Impact Case Study
Hot on the trail of bone cancer recurrence
Loading a component of chilli peppers on to a scaffold for bone repair could help prevent the recurrence of bone cancer.
13 June 2018
A new composite scaffold material promotes bone repair while preventing the recurrence of osteosarcoma, a rare but aggressive form of bone cancer that occurs in children and young adults. The new scaffold has the potential to improve recovery from the disease.
The repair of bone defects caused by osteosarcoma, as well as defects caused by trauma or infection, can be encouraged with the use of scaffold implants that provide a substrate for new bone tissue to grow on. These scaffolds are usually made from a mineral called hydroxyapatite, which has a similar structure and composition to human bone tissue.
However, osteosarcoma can recur in growing bone tissue, so a scaffold that inhibits the growth of cancer cells, but not of healthy cells, would improve the success of such treatment. The new material, developed by researchers in India, Saudi Arabia and Malaysia, aimed to address this need. The team investigated the use of a hydroxyapatite scaffold reinforced with poly(xylitol sebacate) (PXS) and loaded with capsaicin, a compound found in chilli peppers that has long been considered to have an anti-cancer effect, to prevent osteosarcoma recurrence.
The researchers first analysed the properties of their composite material with a variety of imaging techniques. They confirmed that the hydroxyapatite–PXS scaffold had formed the expected structure, and that capsaicin was present on the surface of the scaffold. They also demonstrated sustained capsaicin release from the scaffold over a period of ten days.

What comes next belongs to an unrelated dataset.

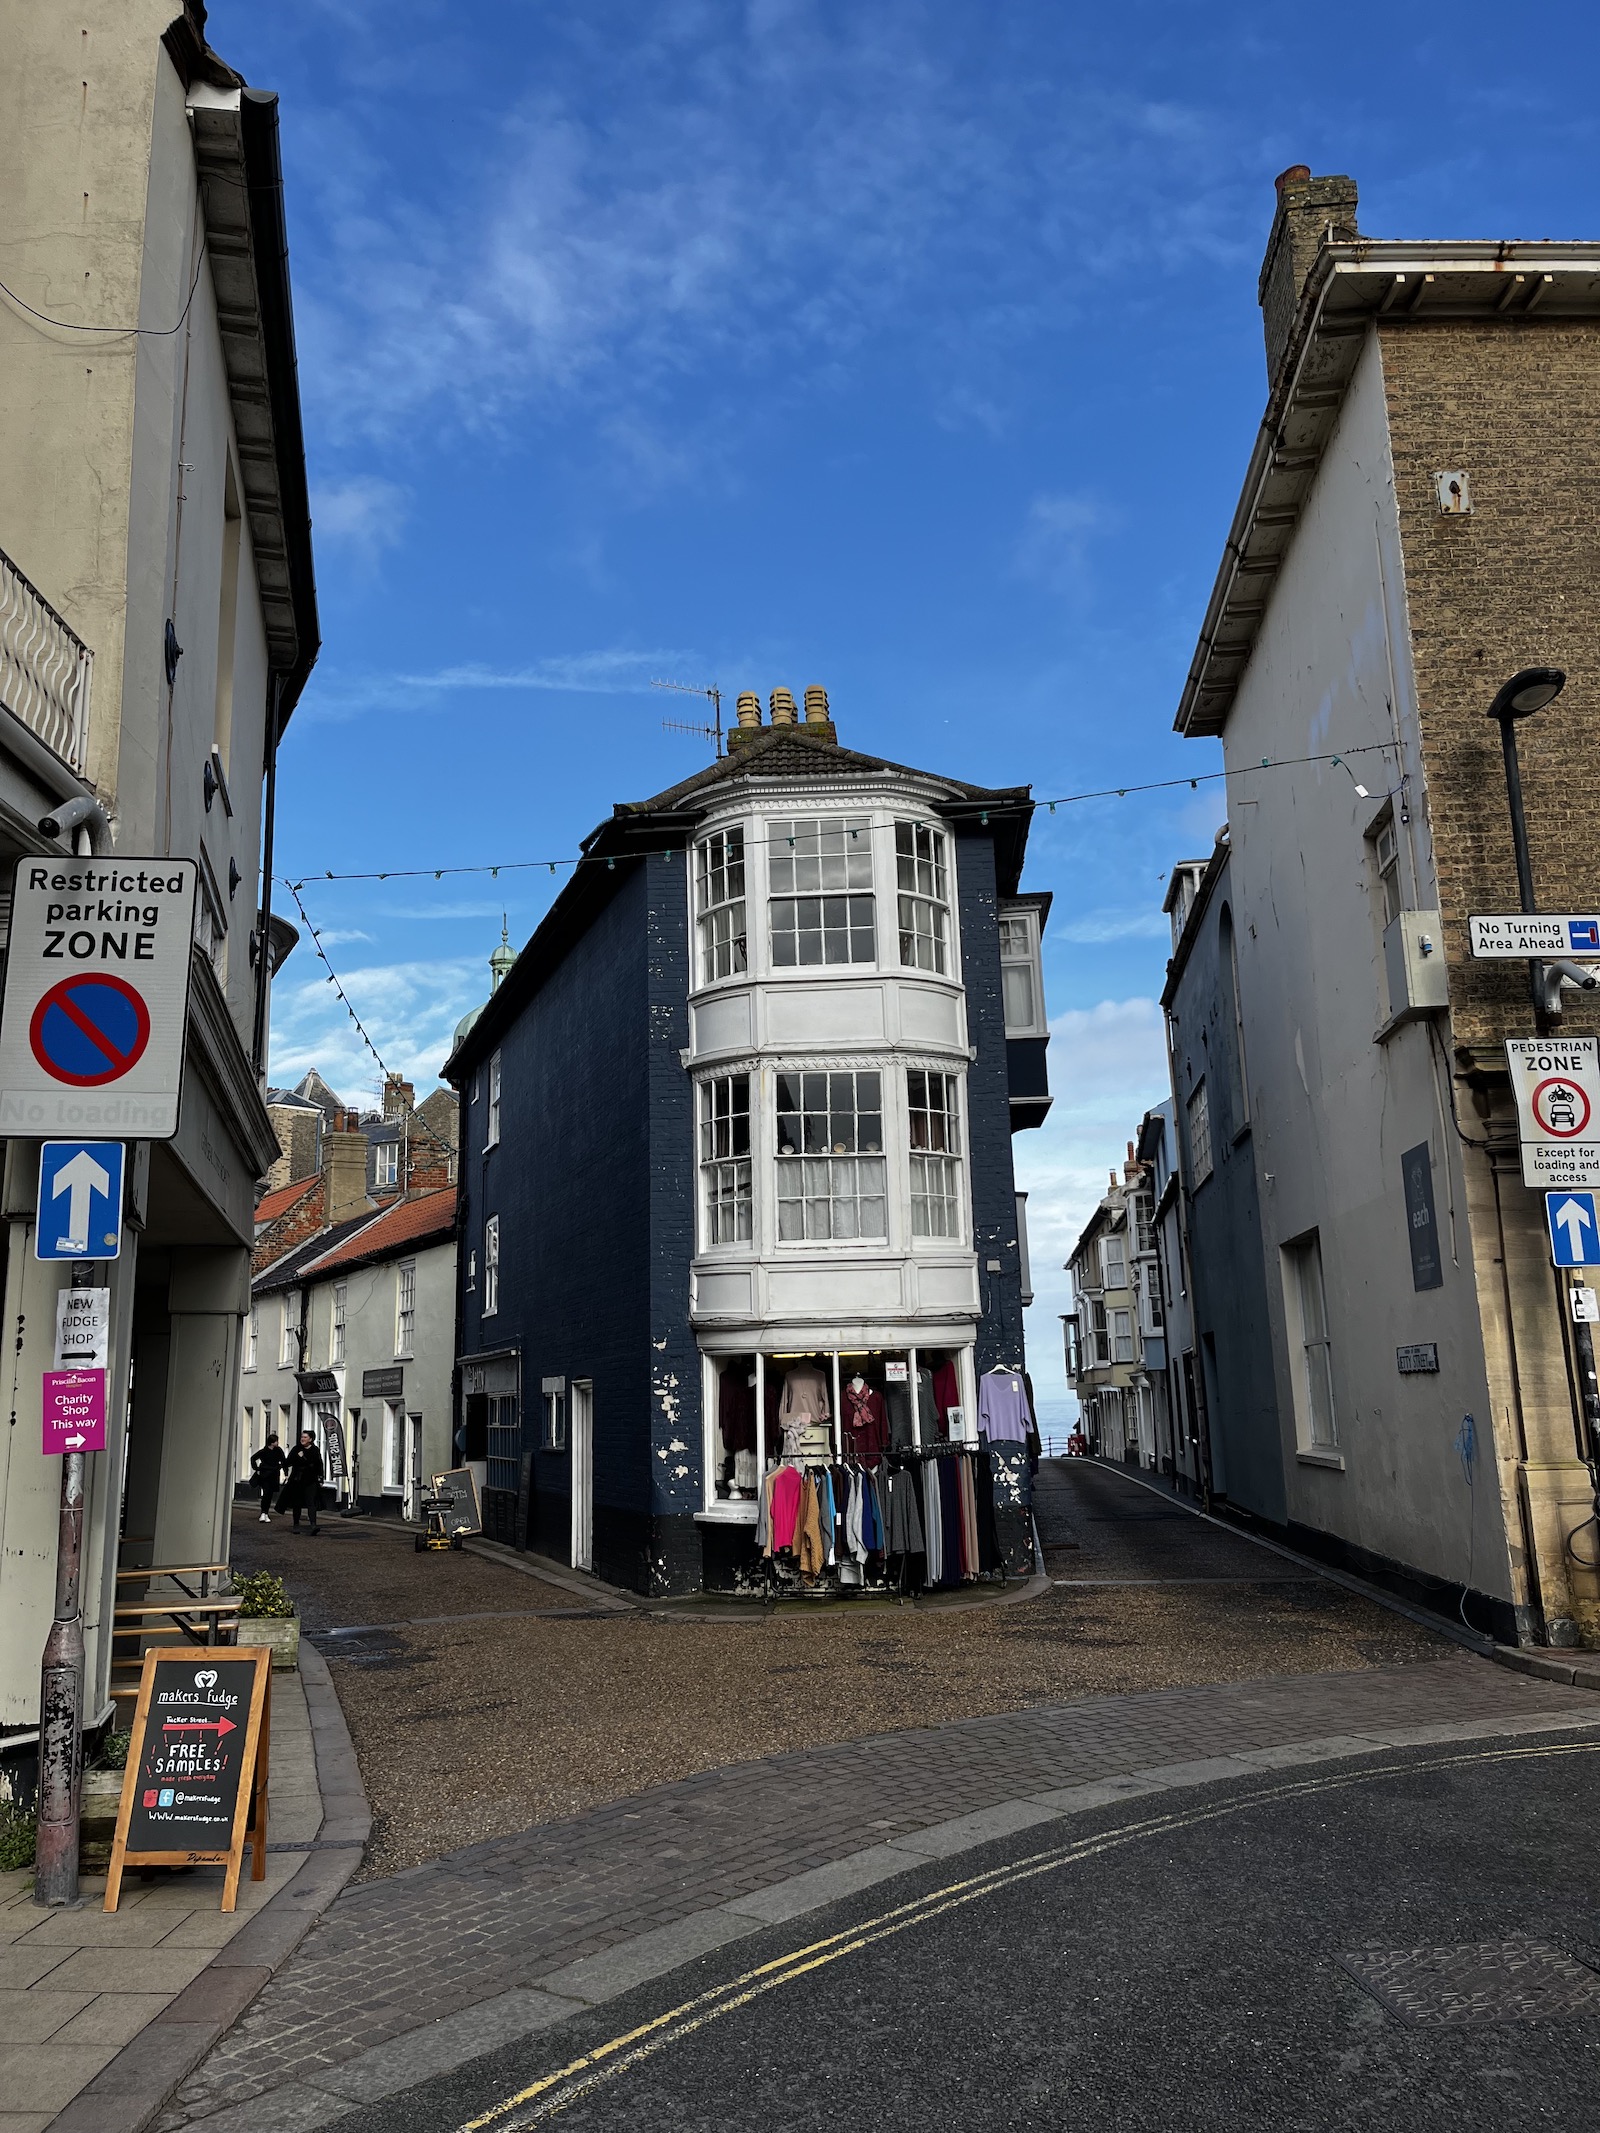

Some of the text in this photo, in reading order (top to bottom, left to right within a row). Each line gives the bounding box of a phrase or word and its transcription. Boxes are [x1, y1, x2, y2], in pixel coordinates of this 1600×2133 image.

Once the properties of the scaffold had been established, the team assessed how osteosarcoma cells and the cells that produce bone tissue, called osteoblasts, reacted to the scaffold in culture.
Osteoblasts were not affected by the scaffold itself, demonstrating that it is not toxic, or by the presence of capsaicin. By contrast, while osteosarcoma cells were not affected by the scaffold itself, their growth was inhibited by the presence of capsaicin on the scaffold. The mechanisms behind capsaicin’s anti-cancer effect are not known, but the team determined that it increased production of damaging reactive oxygen species in osteosarcoma cells, and induced the in-built cell death programme called apoptosis.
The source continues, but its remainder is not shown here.